The various lists of projected 2017 food trends that you'll find floating around the Internet right about now are constructed through educated, but arbitrary, guesses, common sense assumptions, and sponsored priorities. Largely, they’re a good refresh of what’s already hot and getting hotter, with a few amusing randoms thrown in for good measure. The things that actually take off—like really become “things”—are often trends no one could have seen coming. (Correct me if someone predicted the “unicorn” invasion prior to the first rainbow smattered recipe showing up on Instagram). For example, over the past couple of weeks, babka has erupted across my feeds—it seemed like some sort of conspiracy, at first. It started with a flicker of a few posts (some of us joked that it must have been an obscure holiday "challenge" we missed the boat on), then spread like chocolate rippled wild fire. This week, FWx posed the question, “Is it too early to declare 2017 the year of babka?” and yet, babka sure didn’t show up on any of the 2017 trend forecasts I’ve seen.
Eater did a nice job of concisely summing up how these trend predictions come to be in their recent compilation of all such 2017 lists published to date.
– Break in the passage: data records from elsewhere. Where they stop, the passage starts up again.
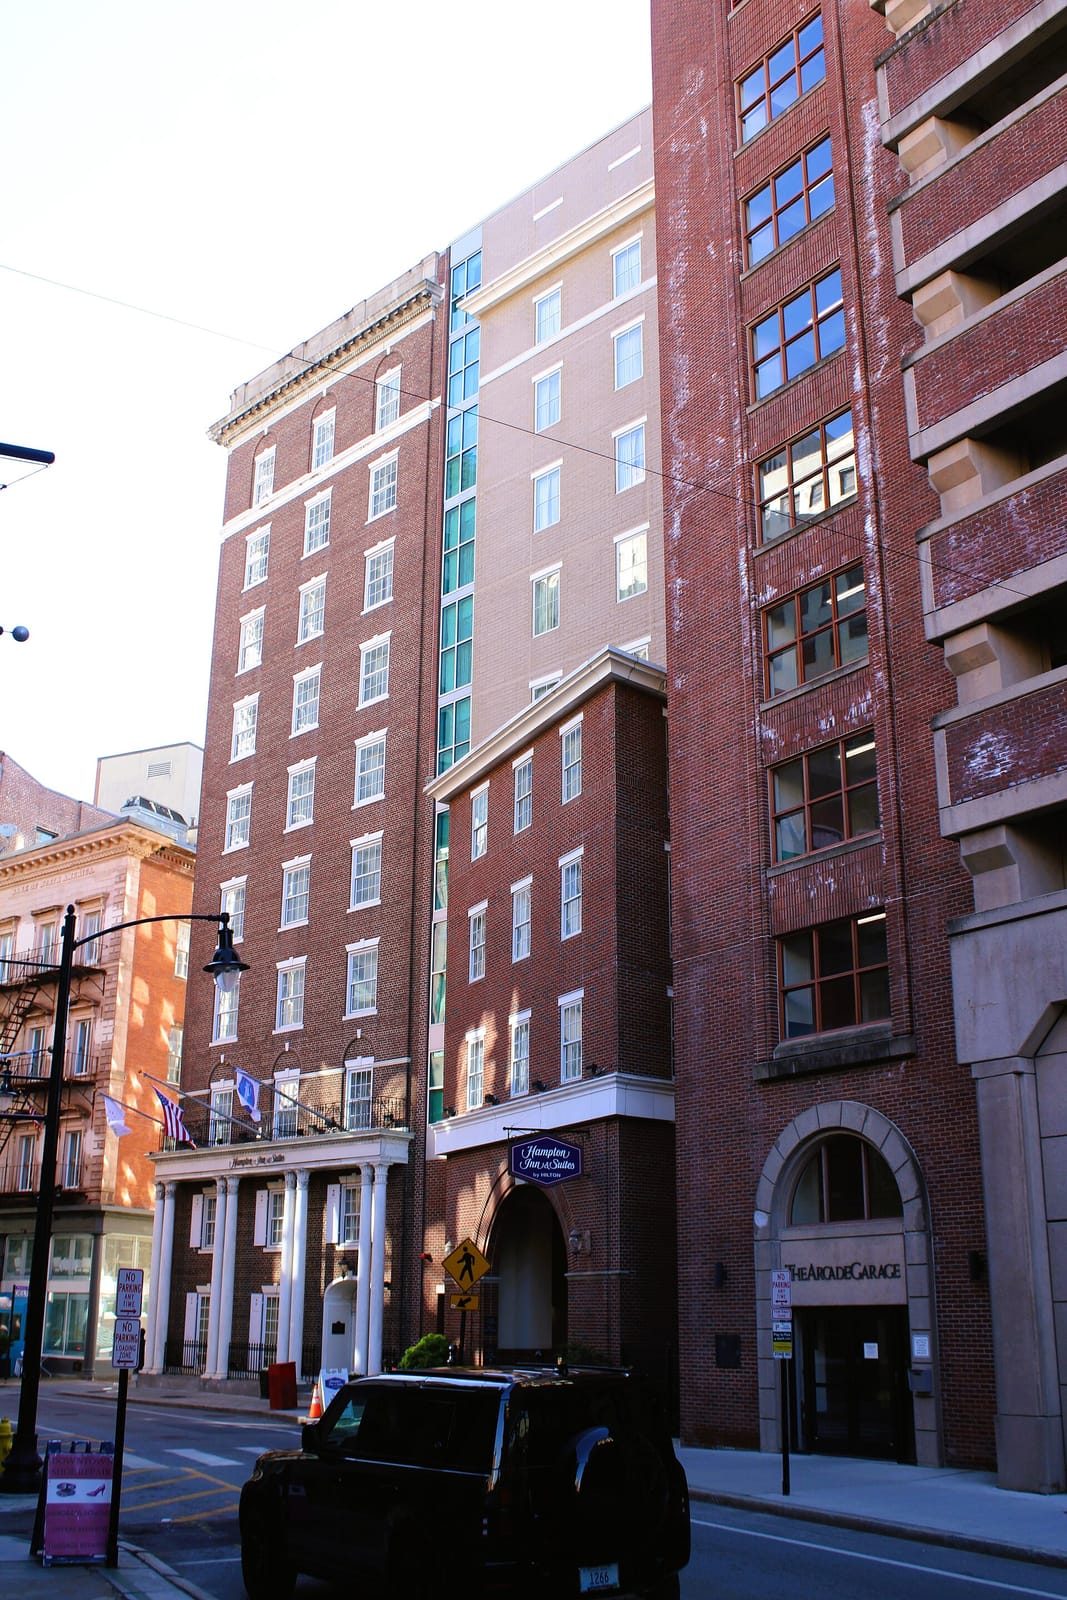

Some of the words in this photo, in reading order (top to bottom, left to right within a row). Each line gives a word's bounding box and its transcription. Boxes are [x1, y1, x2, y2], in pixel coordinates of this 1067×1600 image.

[521, 1145, 570, 1159] Hampton
[520, 1159, 544, 1170] Inn
[544, 1162, 550, 1170] &
[550, 1159, 575, 1170] Suites
[126, 1272, 136, 1282] NO
[777, 1272, 786, 1281] NO
[118, 1283, 142, 1293] PARKING
[772, 1281, 791, 1289] PARKING
[122, 1322, 133, 1332] NO
[116, 1333, 138, 1343] PARKING
[590, 1572, 609, 1585] 1266
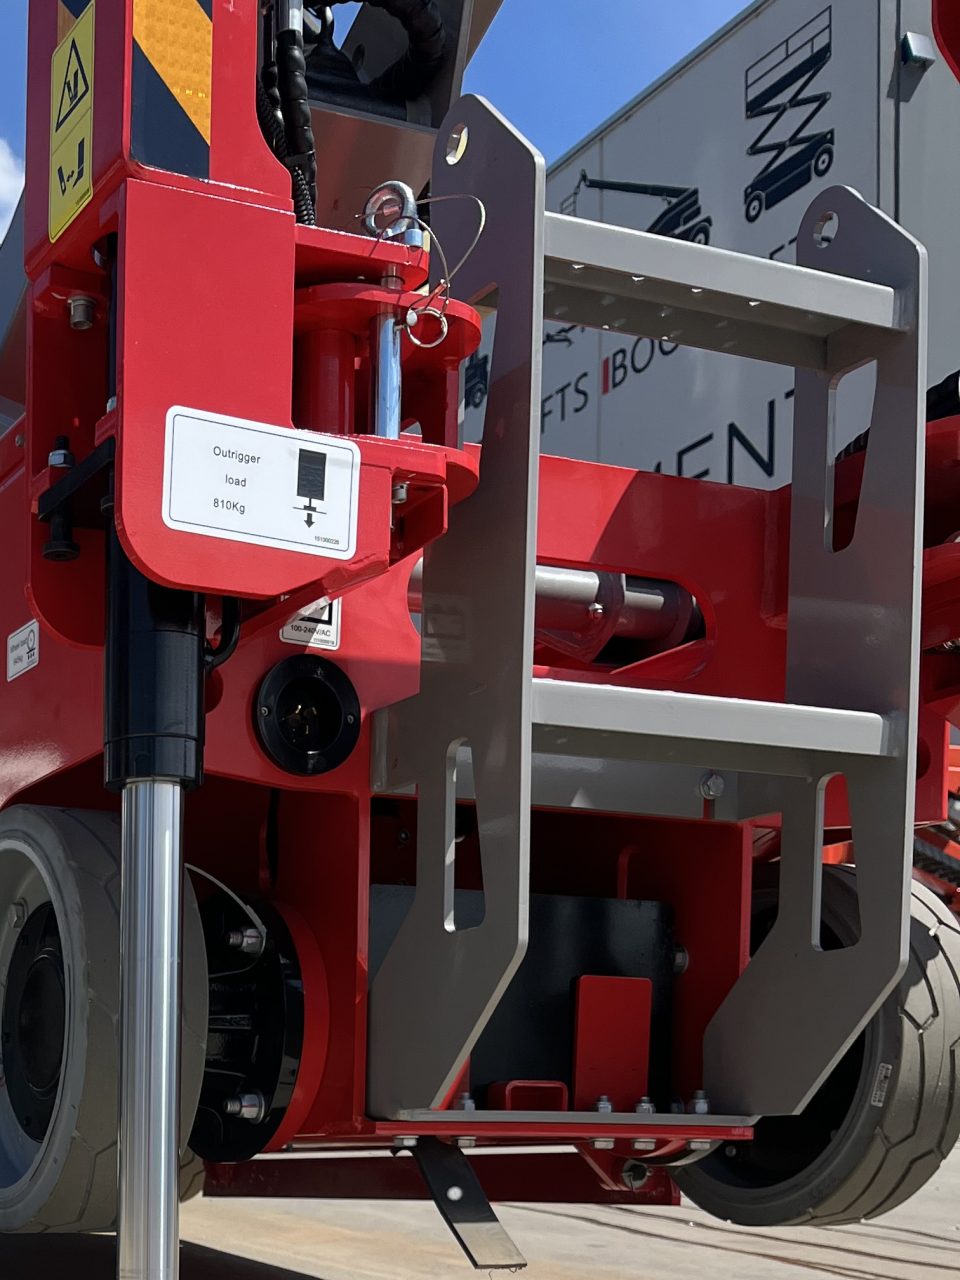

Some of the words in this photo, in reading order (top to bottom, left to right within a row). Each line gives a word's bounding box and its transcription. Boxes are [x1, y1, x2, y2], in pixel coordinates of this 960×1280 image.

[541, 372, 588, 433] FTS
[611, 337, 679, 389] BO
[213, 446, 261, 464] Outrigger
[225, 474, 247, 487] load
[213, 498, 245, 515] 810Kg
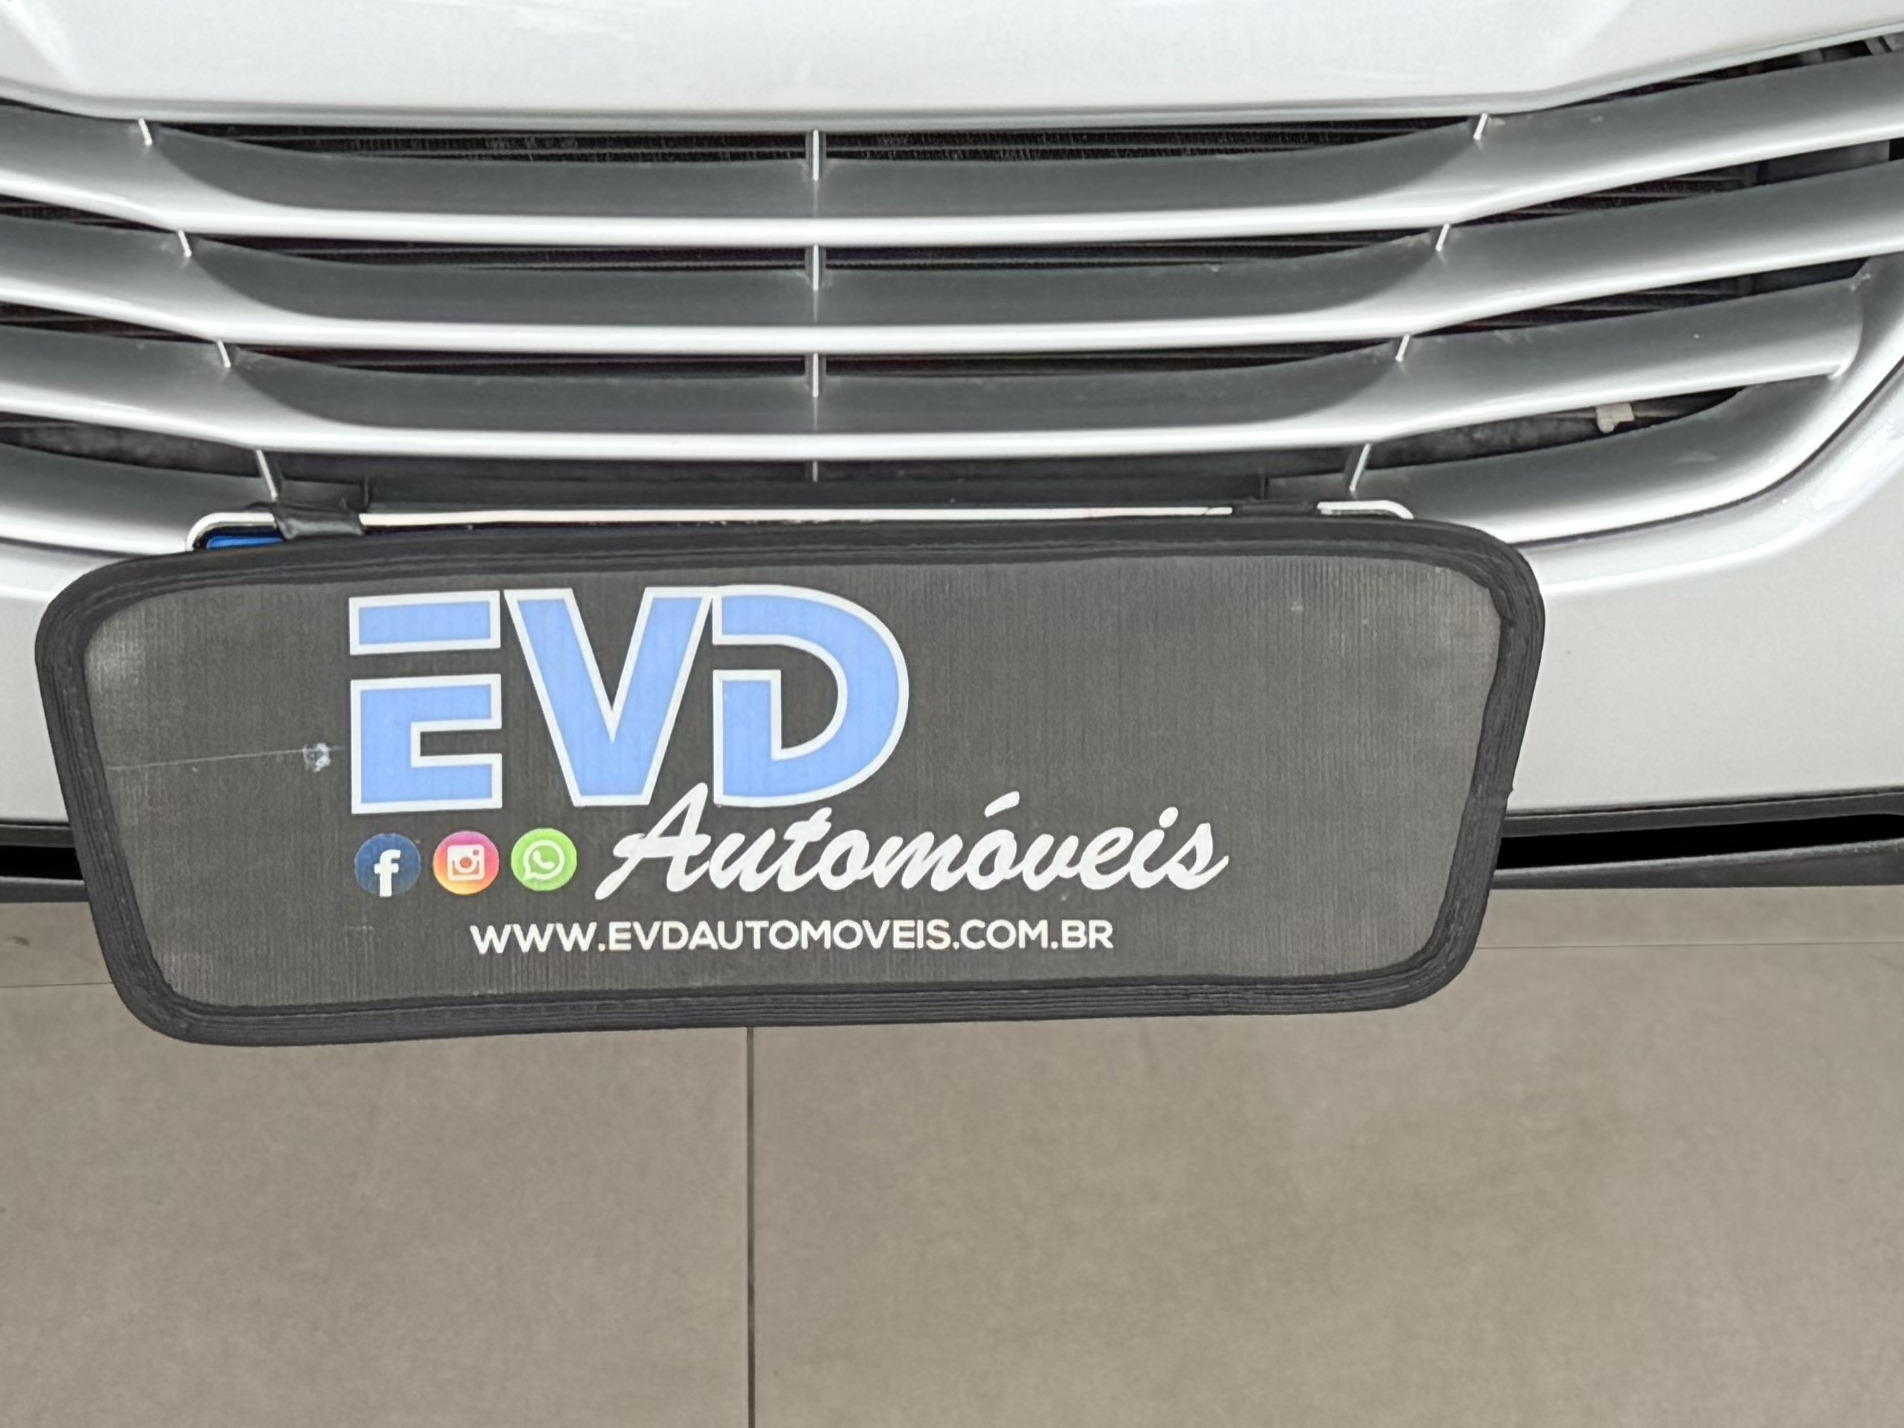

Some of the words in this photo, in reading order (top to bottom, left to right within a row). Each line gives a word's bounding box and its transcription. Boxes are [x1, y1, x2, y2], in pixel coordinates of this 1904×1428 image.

[349, 584, 910, 814] EVD
[594, 782, 1230, 901] Automóveis
[469, 918, 1115, 956] WWW.EVDAUTOMOVEIS.COM.BR
And as I scroll through these lists from various outlets, even just seeing mention of certain topics that have been trending consistently over the past year makes my eye twitch. With that being said, I’m gonna go ahead and own it right now, you’re about to witness me being a grade-A hater. But try to remember my spiel above, the frustration stems from love. I just happen to strongly resemble a senior citizen who's unhappy with life at the nursing home when it comes to matters I find blatantly moronic, so my love-fueled frustration can translate as being an asshole. Do know, I say all of these things with warmth in my heart, as a number of my dearest friends and colleagues, who I respect, admire, and value to no end, have wildly different opinions than some of those I express here. But I love them no less and sincerely appreciate the fact that we can’t see eye-to-eye on certain food topics solely because we’re incapable of talking about them without rolling our eyes at one another—this promotes stimulating conversation, which is important. So take a deep breath and accept that the following was written in good humor.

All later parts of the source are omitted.